Brief —
Reproduce the records precisely. Omit every picture.

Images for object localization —

-------------------------

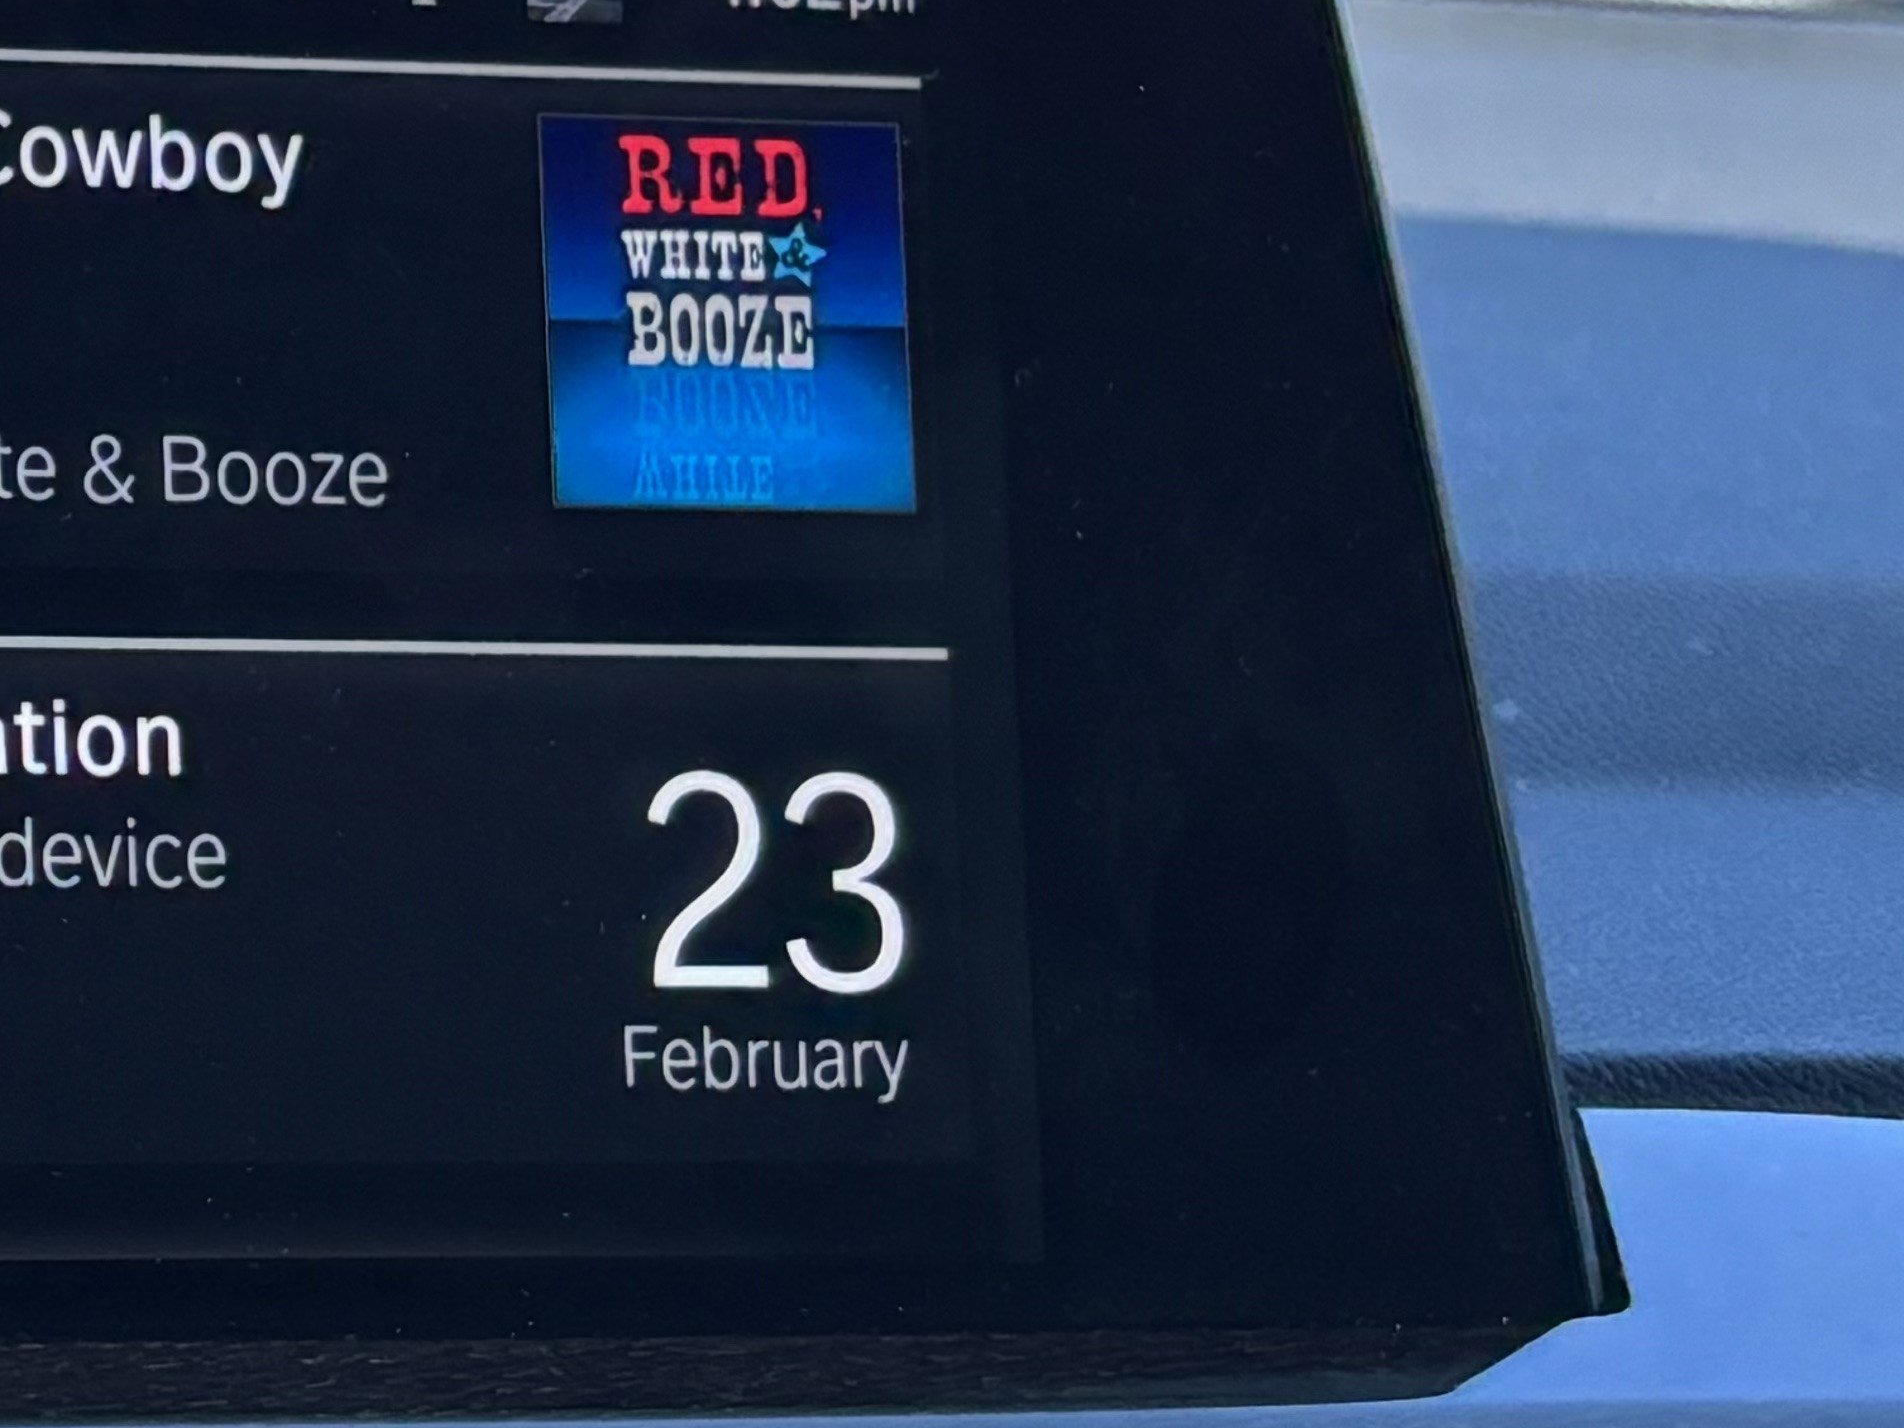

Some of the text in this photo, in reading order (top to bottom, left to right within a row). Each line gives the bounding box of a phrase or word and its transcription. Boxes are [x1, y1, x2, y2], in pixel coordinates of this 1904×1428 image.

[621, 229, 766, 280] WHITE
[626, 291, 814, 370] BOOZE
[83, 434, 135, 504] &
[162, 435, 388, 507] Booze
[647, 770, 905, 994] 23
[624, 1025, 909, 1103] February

-------------------------

Output below —
Some of the text in this photo, in reading order (top to bottom, left to right within a row). Each line gives the bounding box of a phrase or word and its transcription. Boxes are [x1, y1, x2, y2], in pixel coordinates of this 1904×1428 image.

[621, 229, 766, 280] WHITE
[626, 291, 814, 370] BOOZE
[83, 434, 135, 504] &
[162, 435, 388, 507] Booze
[647, 770, 905, 994] 23
[624, 1025, 909, 1103] February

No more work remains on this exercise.